* Extracted material
==========
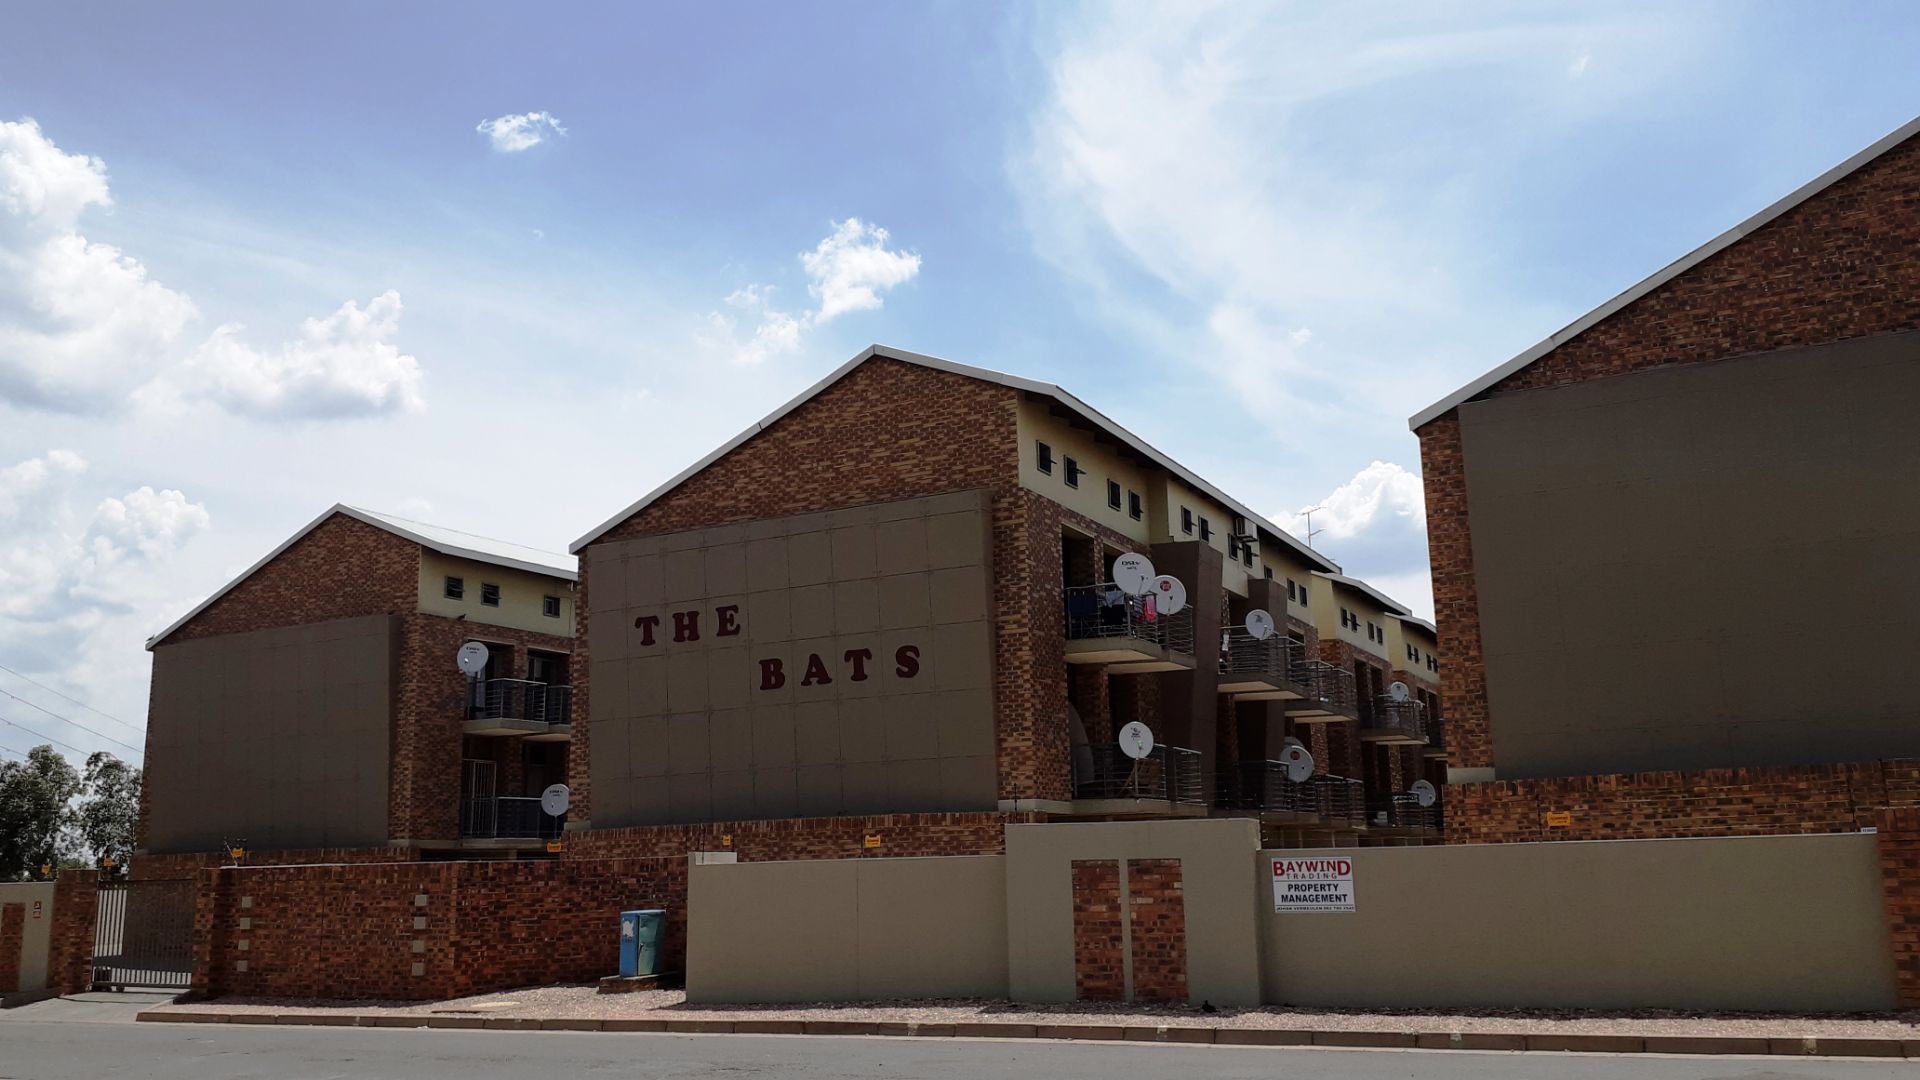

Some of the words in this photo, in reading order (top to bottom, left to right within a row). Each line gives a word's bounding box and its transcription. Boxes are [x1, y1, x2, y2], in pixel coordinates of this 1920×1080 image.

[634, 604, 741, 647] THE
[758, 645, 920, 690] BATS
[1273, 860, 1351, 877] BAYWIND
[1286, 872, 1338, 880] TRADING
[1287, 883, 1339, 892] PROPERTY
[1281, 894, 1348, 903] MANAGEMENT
==========
* Description of the task
Each record must be repeated verbatim, and no picture may appear in the copy.

* Response for this exercise
Some of the words in this photo, in reading order (top to bottom, left to right within a row). Each line gives a word's bounding box and its transcription. Boxes are [x1, y1, x2, y2], in pixel coordinates of this 1920×1080 image.

[634, 604, 741, 647] THE
[758, 645, 920, 690] BATS
[1273, 860, 1351, 877] BAYWIND
[1286, 872, 1338, 880] TRADING
[1287, 883, 1339, 892] PROPERTY
[1281, 894, 1348, 903] MANAGEMENT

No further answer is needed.